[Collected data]
+ + + + + + +

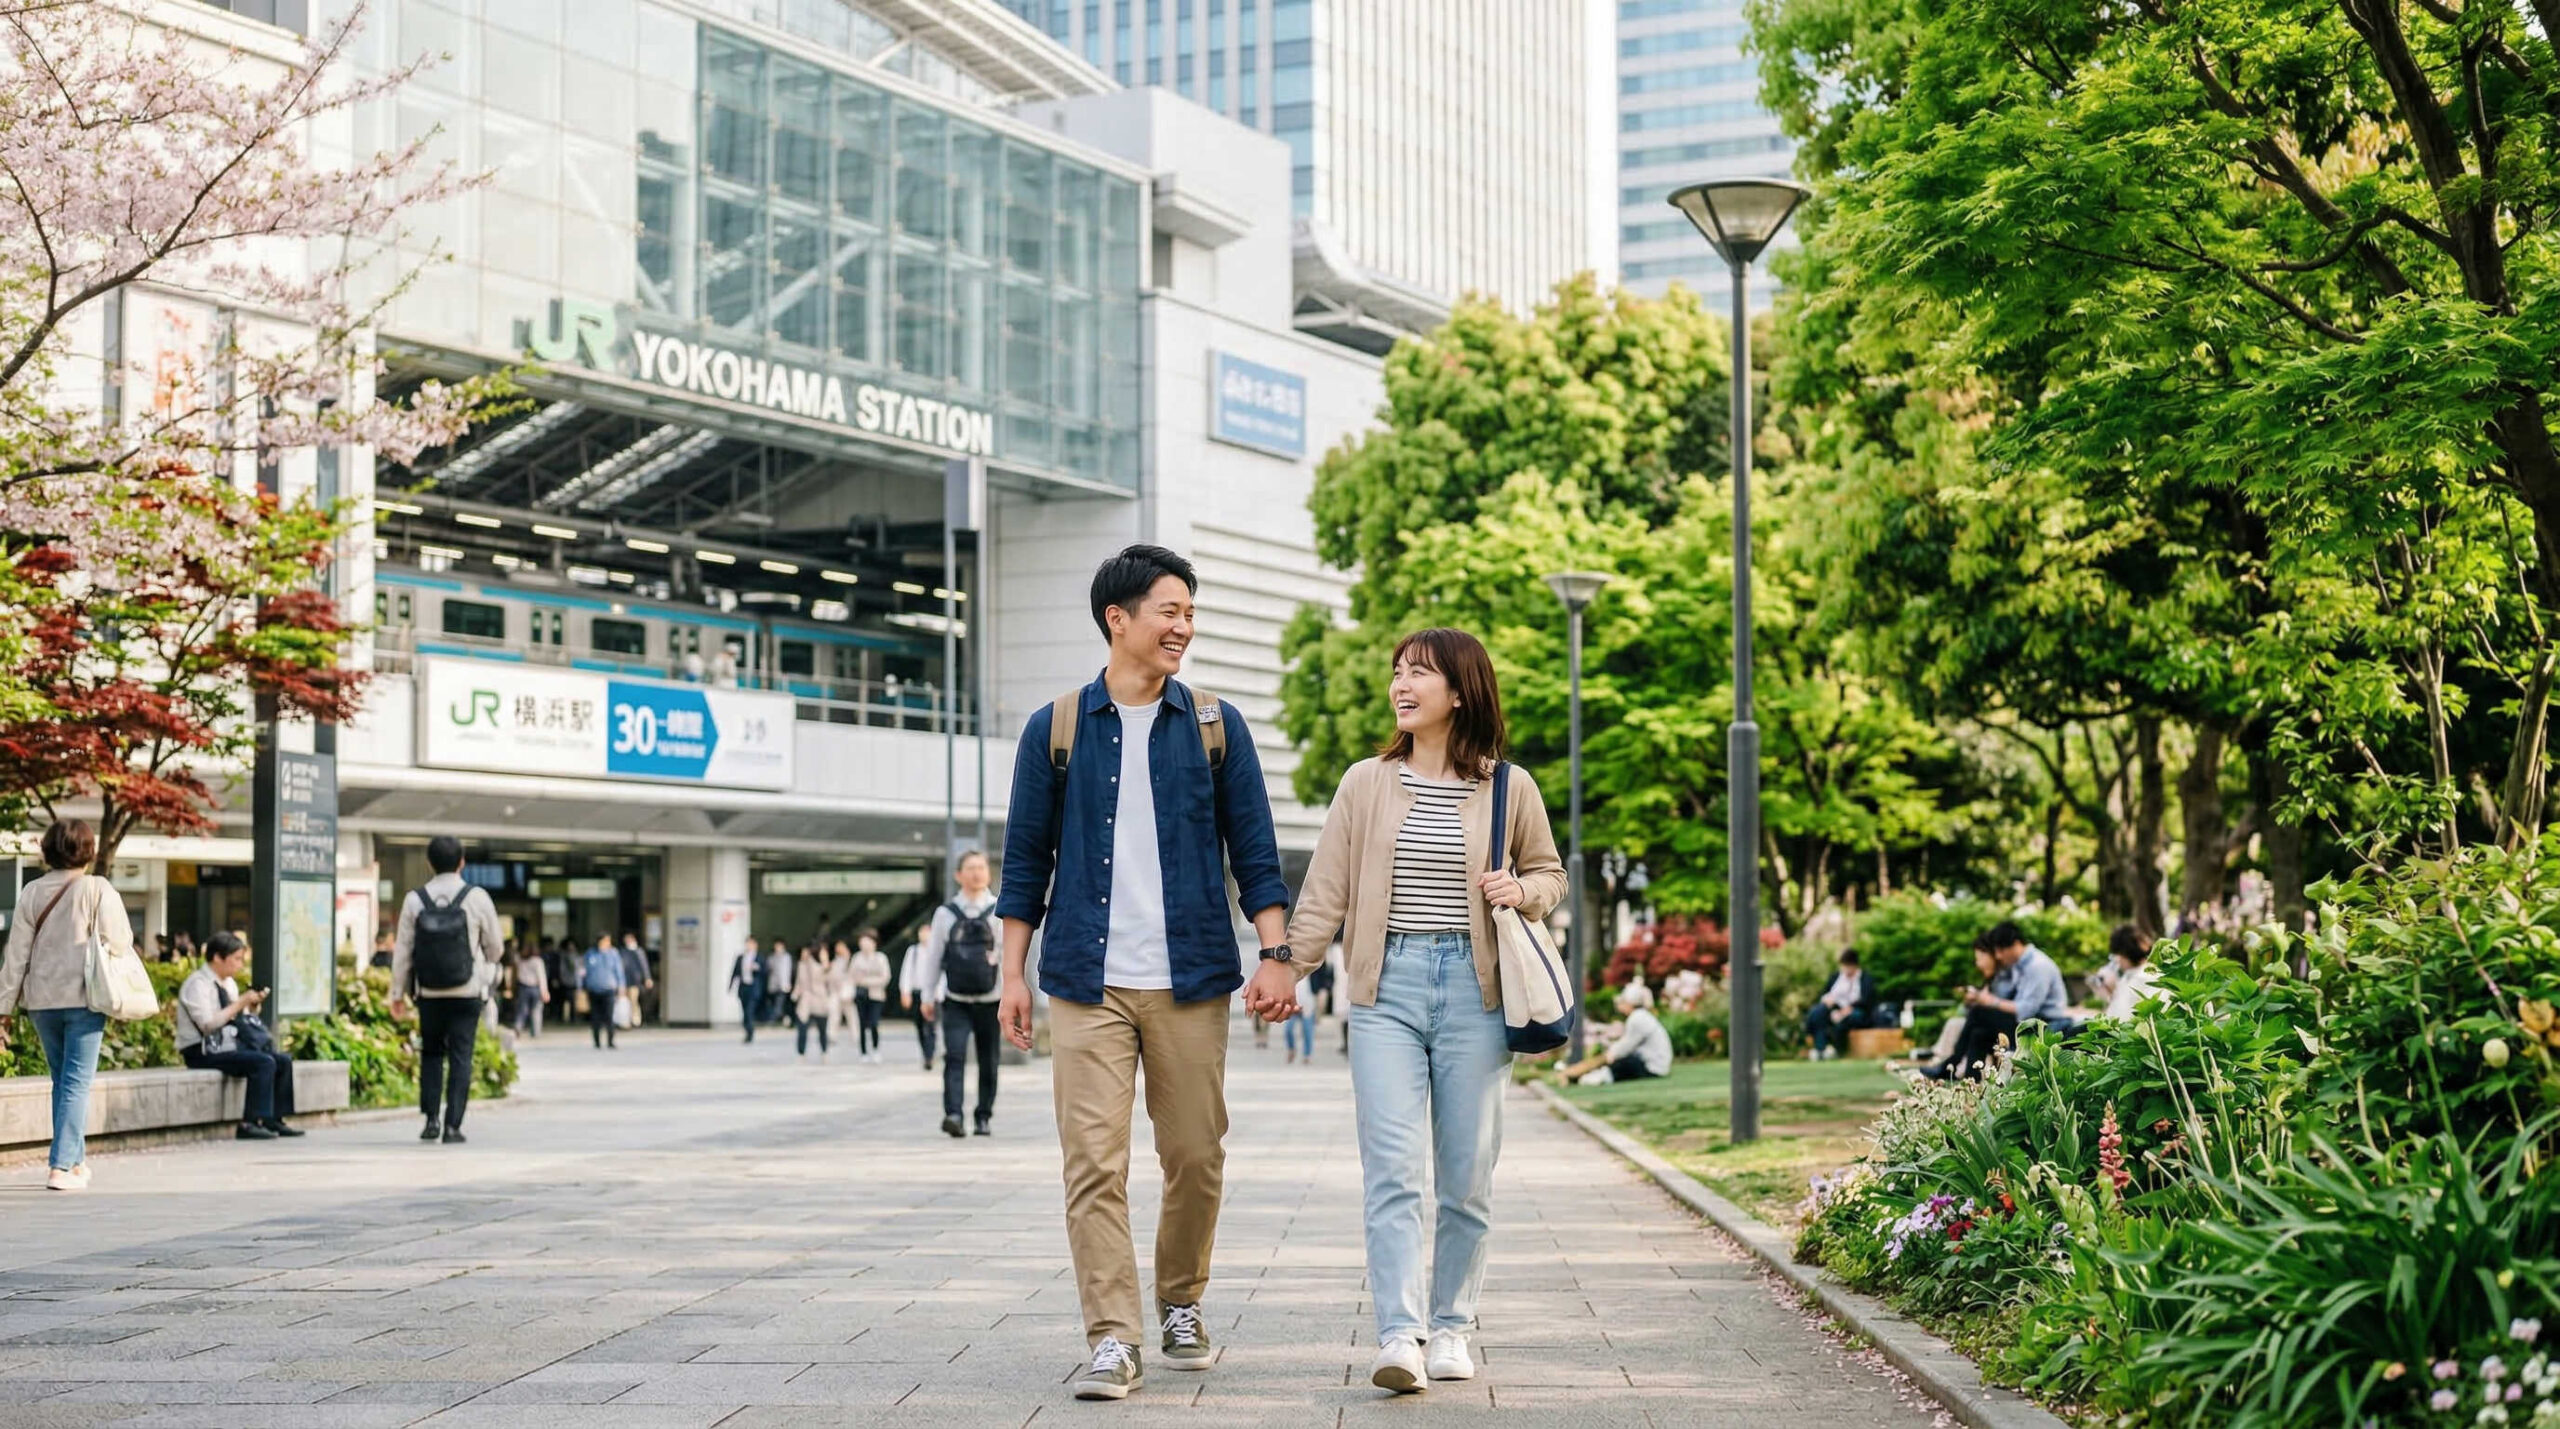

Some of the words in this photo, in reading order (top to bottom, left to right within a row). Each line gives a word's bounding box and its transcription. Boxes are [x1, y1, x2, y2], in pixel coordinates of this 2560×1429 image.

[531, 299, 616, 370] JR
[633, 329, 847, 424] YOKOHAMA
[856, 383, 994, 455] STATION
[451, 690, 500, 727] JR
[514, 695, 593, 731] 横浜駅
[613, 703, 657, 755] 30

+ + + + + + +

Apart from the pictures, repeat every entry exactly.

> Response to this task:
Some of the words in this photo, in reading order (top to bottom, left to right within a row). Each line gives a word's bounding box and its transcription. Boxes are [x1, y1, x2, y2], in pixel coordinates of this 2560×1429 image.

[531, 299, 616, 370] JR
[633, 329, 847, 424] YOKOHAMA
[856, 383, 994, 455] STATION
[451, 690, 500, 727] JR
[514, 695, 593, 731] 横浜駅
[613, 703, 657, 755] 30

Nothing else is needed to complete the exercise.